We talked to our cousin, who was a nurse who had experience with taking care of the elderly. She said calling 911 was a good idea if things were to go south. But she also reassured us that people who live up to my grandparent’s age aren’t strangers to death of family members. They know what it feels like. So, the chances of them having a complete breakdown or a heart attack were not as high as my sister and I had feared.
When my sister and mom broke the news to our grandparents, they were initially confused. They didn’t understand how my Dad passed away so suddenly. Just like our cousin said, they didn’t overreact or breakdown.

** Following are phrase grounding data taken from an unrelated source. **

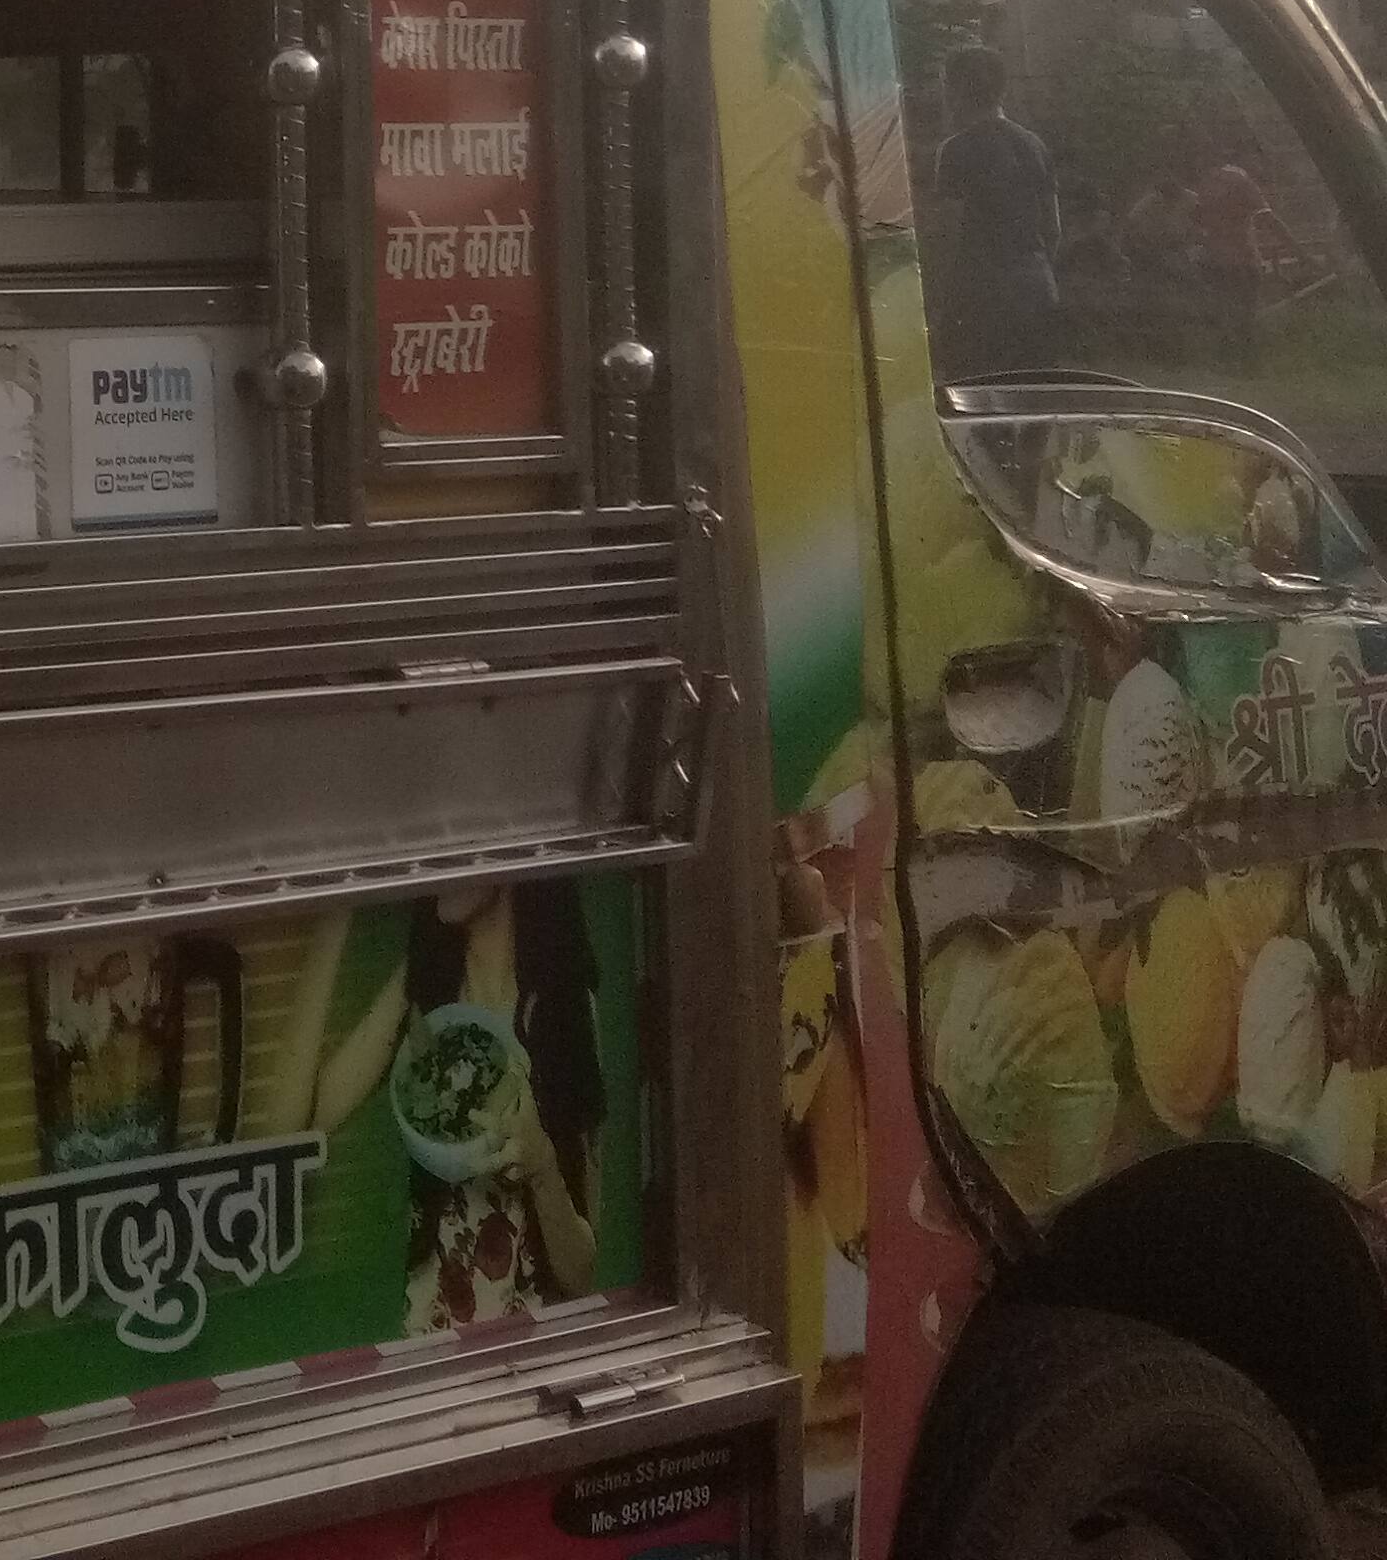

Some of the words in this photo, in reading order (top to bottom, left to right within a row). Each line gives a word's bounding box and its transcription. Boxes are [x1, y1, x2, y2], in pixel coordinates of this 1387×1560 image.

[445, 0, 525, 71] पिस्ता
[381, 122, 444, 177] मावा
[450, 107, 531, 181] मलाई
[386, 211, 458, 280] कोल्ड
[463, 209, 534, 278] कोको
[390, 304, 493, 394] स्ट्राबेरी
[94, 408, 158, 427] Accepted
[161, 407, 194, 422] Here
[95, 456, 114, 466] Scan
[1225, 650, 1319, 786] श्री
[1327, 650, 1387, 788] दे
[573, 1471, 631, 1499] Krishna
[635, 1460, 656, 1484] SS
[621, 1484, 711, 1526] 9511547839

Even my grandmother told my sister that our Dad was probably in a lot of pain and needed rest.
Like most parents would, my grandparents started worrying about my mom. They’ve constantly asked her to have meals with them so she wouldn’t have to be alone.
Third week
I was back in Tucson. Since we couldn’t hold the funeral, my mom didn’t want us to sit around in the house — she feared that being away too long from work might affect our jobs (aka we would lose our jobs).
My sister stayed an extra week since she could work remotely. We both agreed this was a good idea; it allowed us to gradually transition away from our time with our mom. We knew she needed space to mourn alone, but we also wanted to make sure she was in a “stable” enough state to do so without causing concern.

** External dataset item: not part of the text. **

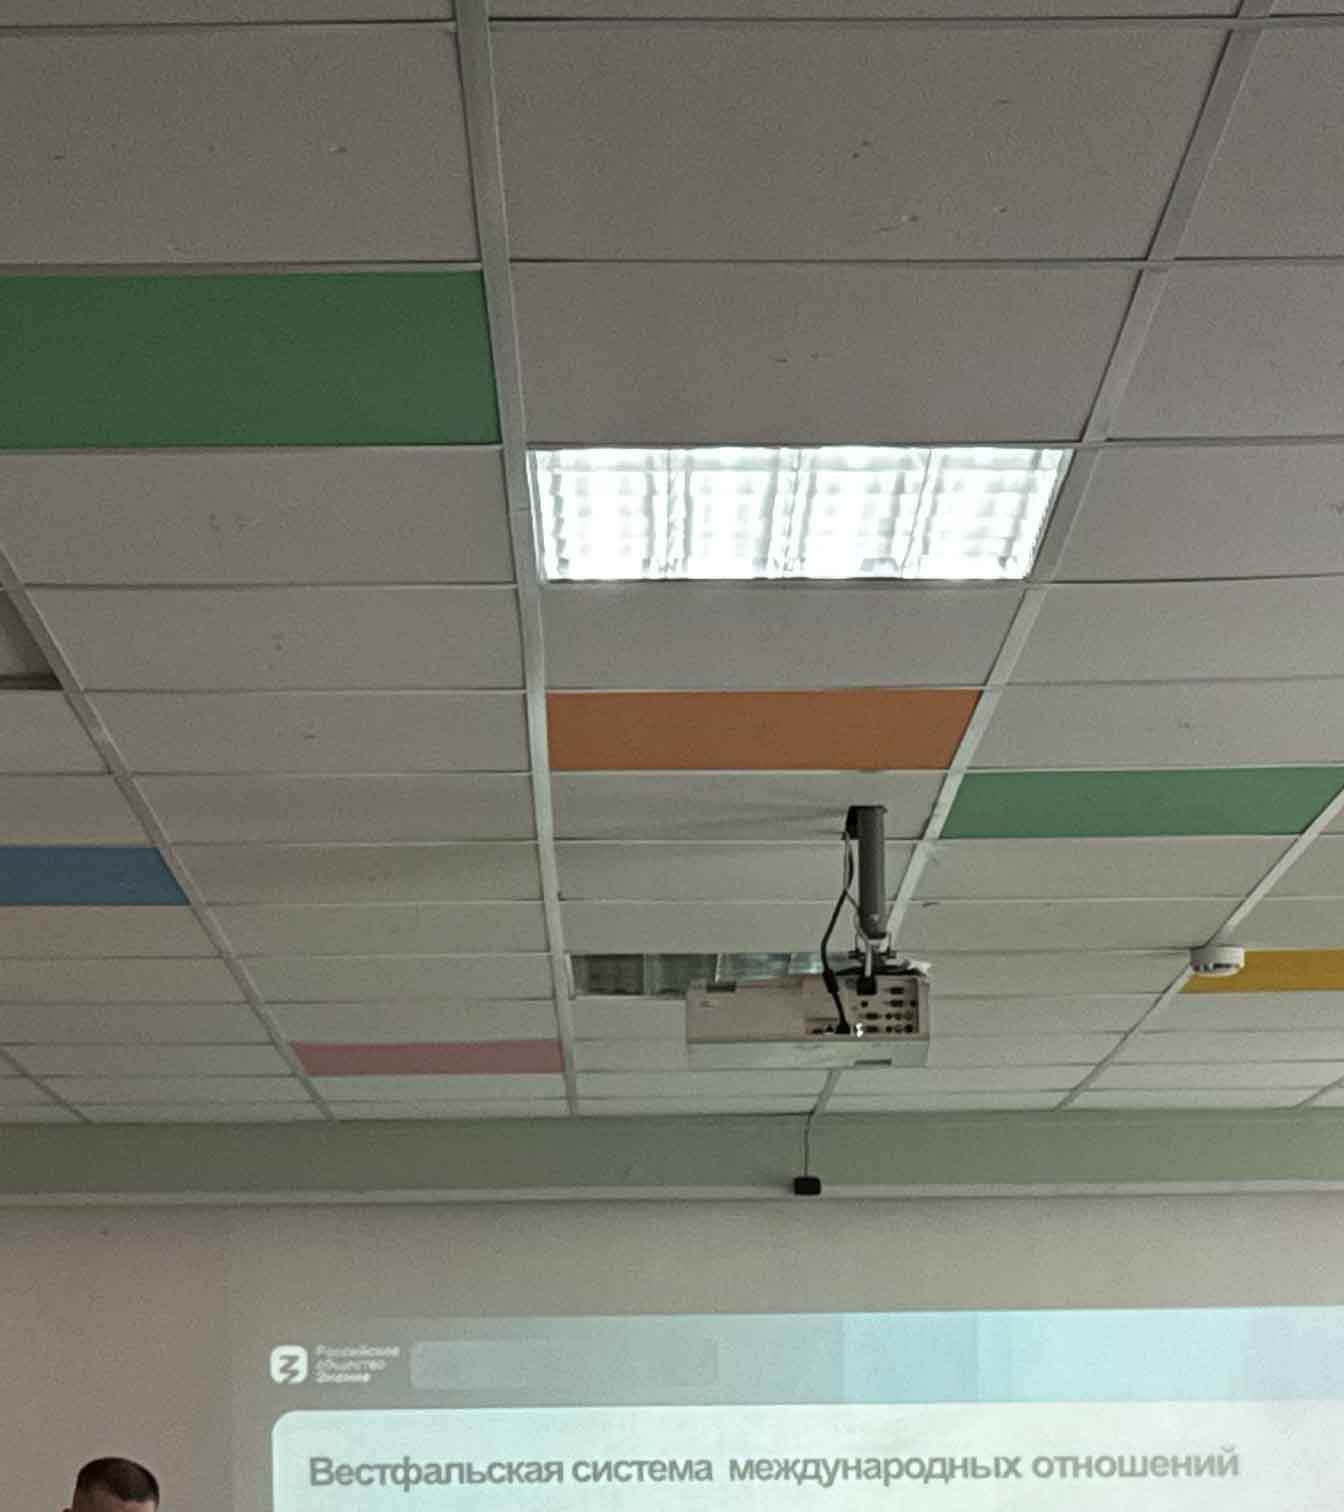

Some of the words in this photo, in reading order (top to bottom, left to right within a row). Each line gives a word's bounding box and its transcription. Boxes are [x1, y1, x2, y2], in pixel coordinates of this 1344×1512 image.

[309, 1456, 564, 1492] Вестфальская
[571, 1458, 713, 1483] система
[729, 1457, 1023, 1488] международных
[1031, 1444, 1239, 1479] отношений

I called every day to check in with my mom, which she really appreciated.
It took a couple of days to readjust to my work schedule. I had to take some melatonin again to help me sleep.
I didn’t feel as sad as I was back home because work and studying kept me busy. A part of me convinced myself that my dad would’ve wanted me to focus on my studies instead of thinking about him all the time. I did still have moments everyday where I thought about my dad.
I also started reading A Grief Observed by C.S. Lewis. I journaled a little bit about my dad before going to bed most nights.
At this point, I was well into the acceptance stage of grief, but I knew that my grief would most likely resurface after the funeral.
Helpful sources for dealing with grief
Books on grief
Here are two books that I believe can help you with grief. My sister read the first one and told my mom and I about it as we walked around the neighborhood in the morning and at night. I read the second one.
- The Year of Magical Thinking by Joan Didion
- A Grief Observed by C.S. Lewis.
If there’s anything I’ve learned so far, it’s that everybody handles grief differently. The best thing to do is just to listen to somebody whose grieving. Don’t try to give them advice.
Bart’s story about his dad’s passing on YouTube
Here’s a YouTube video about somebody talking about losing his dad to suicide. His experience about dealing with his father’s death comforted me because I wasn’t the only one who lost his father abruptly.
Grief Support on Reddit
This was honestly a great source of support for me the second week. There are so many people who share their stories on losing their dad. It really made me feel less alone because there’s somebody out there who understands my pain. I also put up a post about my dad’s passing and people provided their kind words and condolences. I’d really recommend this subreddit if you’re going through the loss of a loved one.